New submitter Merovech points out an article at the BBC which makes a good followup to the recent news (mentioned within) about a bug in Boeing's new 787. The piece explores various ways that rollover bugs in software have led to failures -- some of them truly disastrous, others just annoying. The 2038 bug is sure to bite some people; hopefully it will be even less of an issue than the Year 2000 rollover. From the article: It was in 1999 that I first wrote about this," comments [programmer William] Porquet. "I acquired the domain name 2038.org and at first it was very tongue-in-cheek.
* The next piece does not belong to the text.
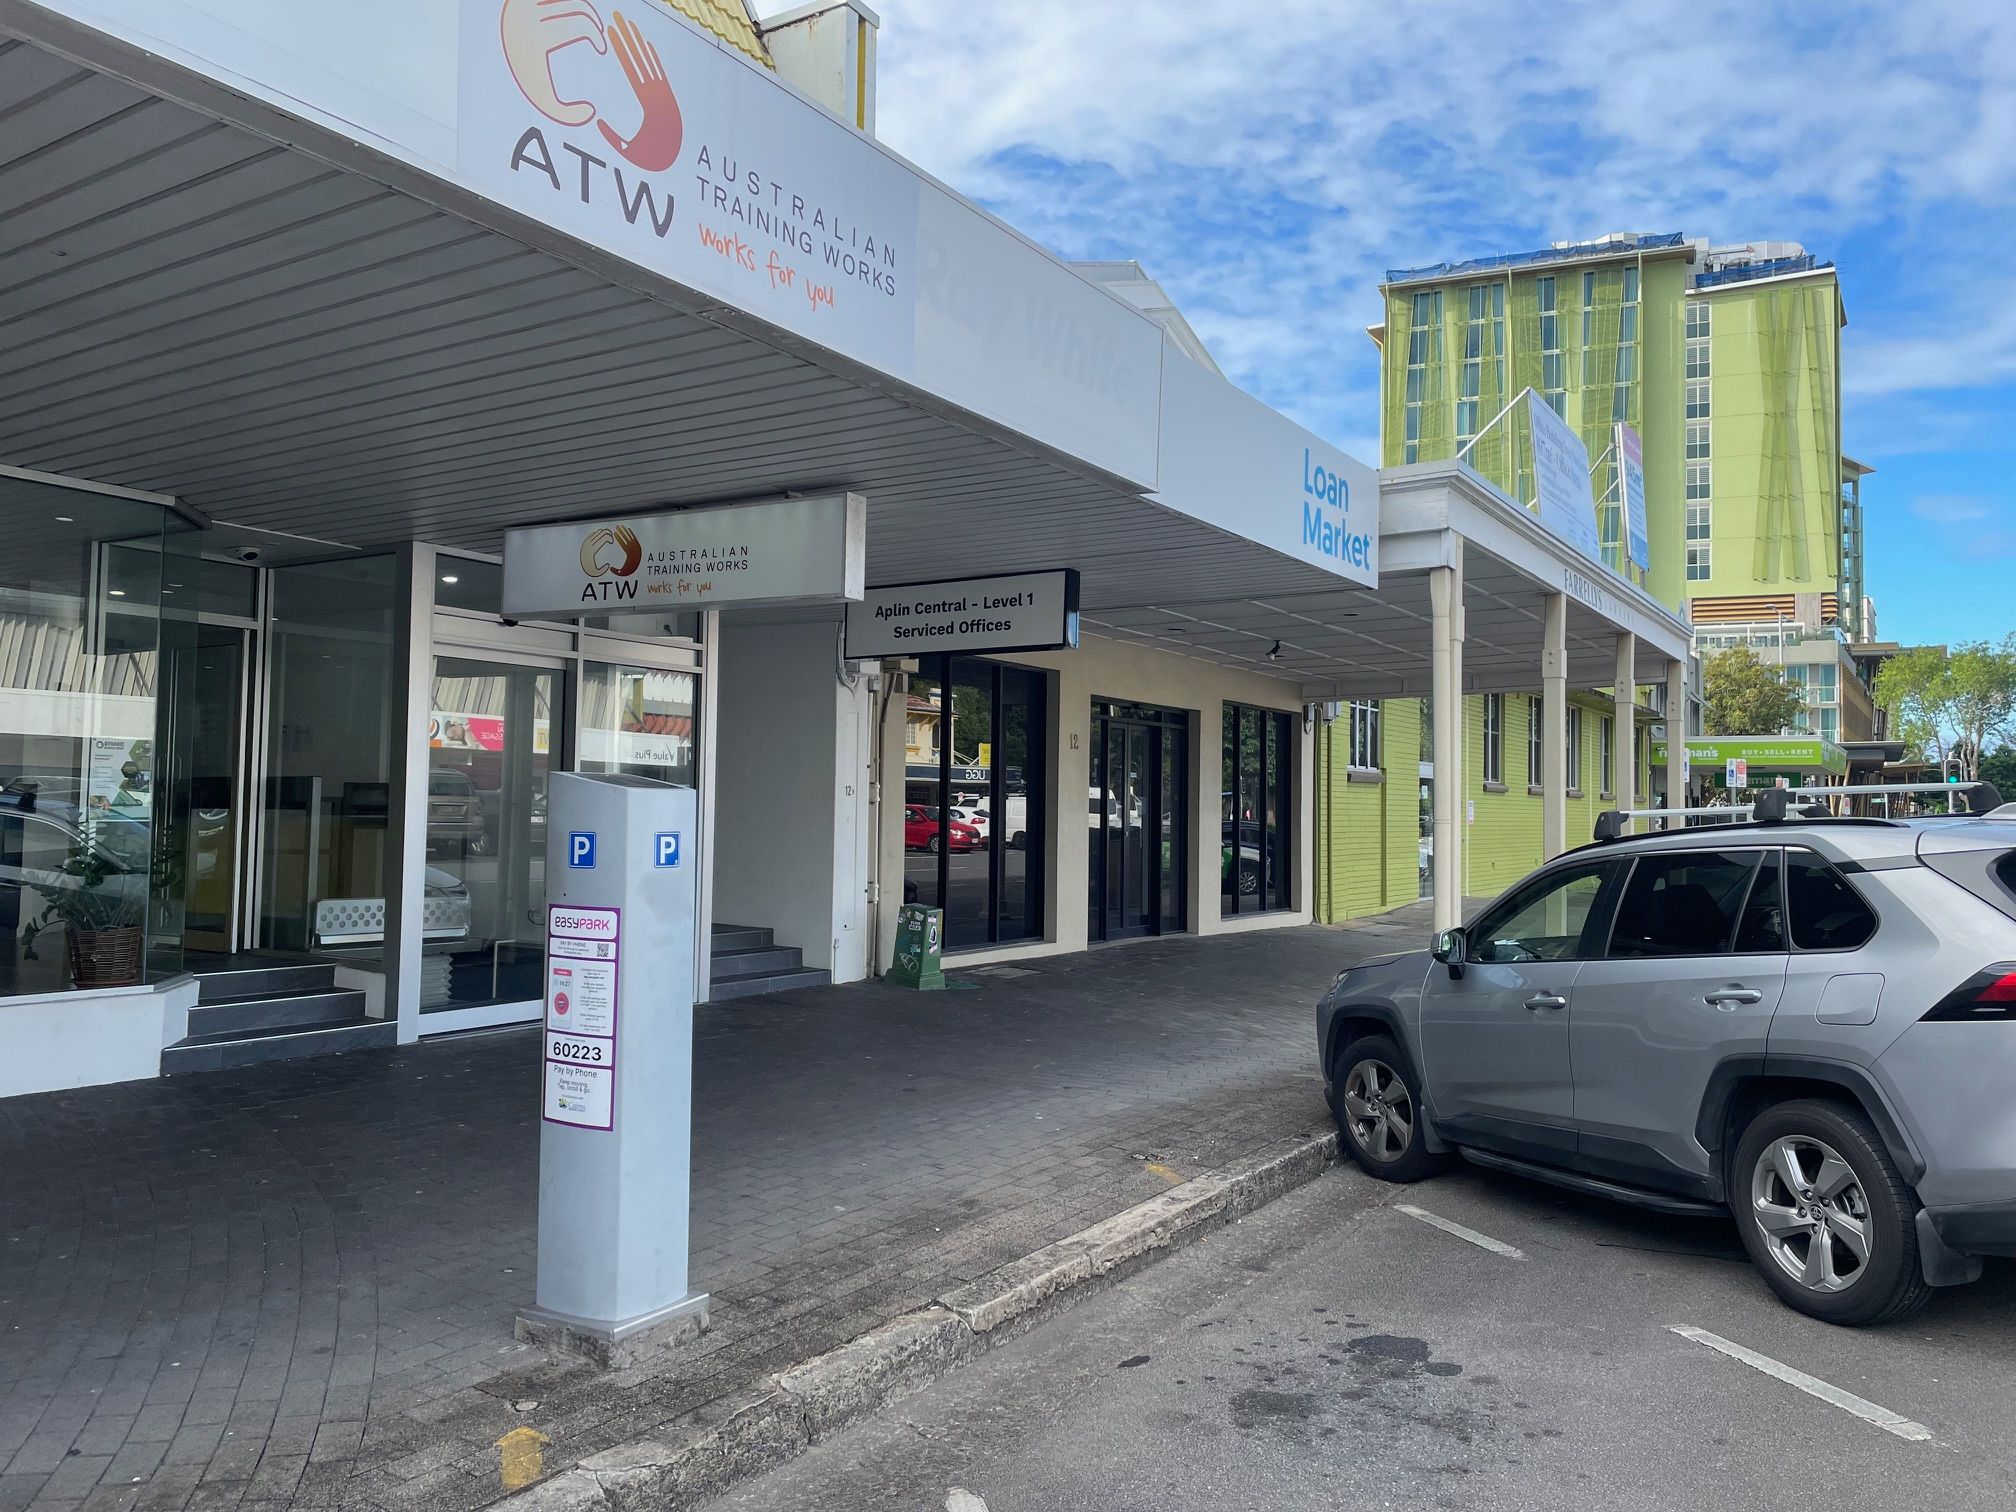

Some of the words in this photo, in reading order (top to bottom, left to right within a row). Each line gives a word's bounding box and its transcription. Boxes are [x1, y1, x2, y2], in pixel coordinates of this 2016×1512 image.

It was almost a piece of satire, a kind of an in-joke with a lot of computer boffins who say, 'oh yes we'll fix that in 2037' But then I realised there are actually some issues with this.

2 of 59 comments (clear)

  1. Ask Mel by Sarten-X · · Score: 5, Funny

    It's not a rollover bug; It's a rollover feature!

    --
    You do not have a moral or legal right to do absolutely anything you want.
  2. Y2K was -not- a small issue by mccalli · · Score: 5, Insightful

    The reason so little went wrong is because people spent ages testing and upgrading/fixing beforehand. Had we left it all to 1st Jan 2000 there would have been issues,

    It annoys me to see Y2K trotted out time and time again as a non-event. It was a very big event, and by the large part it was very successfully handled.